O juiz federal Mark Yshida Brandão, da 7ª Vara Federal de Goiás, considerou indevida cobrança de anuidades do Conselho Regional de Medicina Veterinária de Goiás (CRVM-GO) a uma empresa que comercializa produtos alimentícios para animais e insumos agropecuários. O magistrado declarou nulo título executivo de cobrança de anuidades contra o estabelecimento. Segundo entendeu, as atividades do comércio em questão não se caracterizam como de execução direta dos serviços específicos de medicina veterinária.

Em sua decisão, o magistrado acolheu exceção de pré-executividade feita pelo estabelecimento. Assim, decidiu que o estabelecimento não pode ser compelido a manter registro perante o CRVM-GO. Tampouco ser obrigado a contratar médico veterinário para fins de assunção de responsabilidade técnica.

O CRVM-GO promoveu Ação de Execução Fiscal contra o estabelecimento. Tendo em vista falta de recolhimento de anuidades de pessoa jurídica relativas aos anos de 2015, 2017 e 2018. Também relativa ao não pagamento de multa aplicada à excipiente por não recolhimento de anuidades.

No pedido de pré-executividade, os advogados Wanderson de Oliveira e Thamilles Martins Rocha Araujo alegaram que o objeto social empresa é Comércio Atacadista de produtos alimentícios para animais e insumos agropecuários. Assim, que a comercialização desses não se confunde com a atividade reservada ao médico veterinário.

Ou seja, que as atividades fins da empresa são diversas daquelas previstas em lei para fins de registro junto à CRMV-GO. Isso porque não se trata de medicina veterinária e sim de comércio de produtos e insumos. Além disso, observaram que, para estar registrado no conselho, tem que exercer as funções de médico veterinário ou clínicas com esta finalidade. Isso conforme a Lei 5.517/68, que dispõe sobre o exercício da profissão e conselhos.

Anuidade do CRMV

Ao analisar o caso e documentos apresentados, o juiz federal disse que as atividades da empresa em questão não se caracterizam como de execução direta dos serviços específicos de medicina veterinária. Além disso, citou o artigo 5º da Lei 5.517/68. A norma faculta a manutenção de veterinário nos estabelecimentos onde estejam, permanentemente, em exposição, em serviço ou para qualquer outro fim, animais ou produtos de sua origem.

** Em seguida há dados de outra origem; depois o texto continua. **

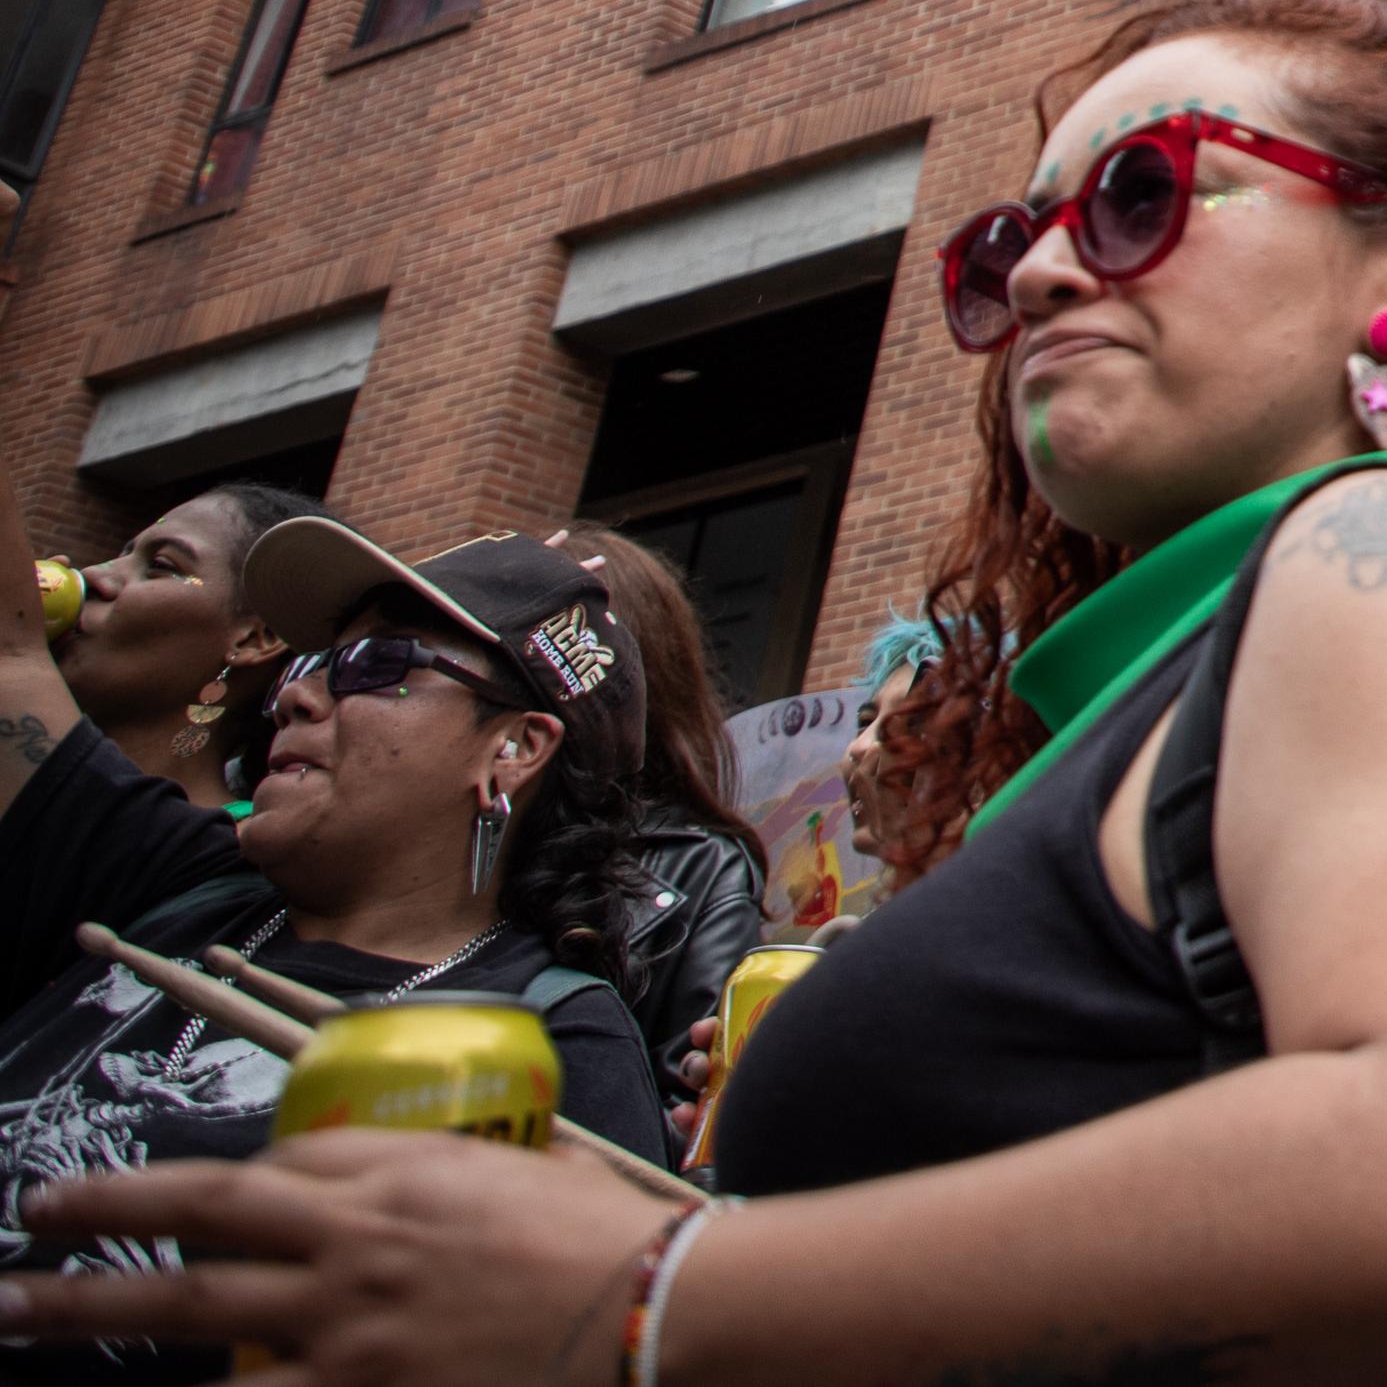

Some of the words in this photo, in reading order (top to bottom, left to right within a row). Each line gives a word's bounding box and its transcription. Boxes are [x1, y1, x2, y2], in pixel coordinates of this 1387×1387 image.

Portanto, segundo o juiz, considerando que, no desenvolvimento de suas atividades, a empresa não se submete ao poder de polícia do CRMV, a parte executada não pode ser compelida a manter registro perante o conselho e nem pagar anuidade. “Tampouco ser obrigada a contratar médico veterinário para fins de assunção de responsabilidade técnica”, completou.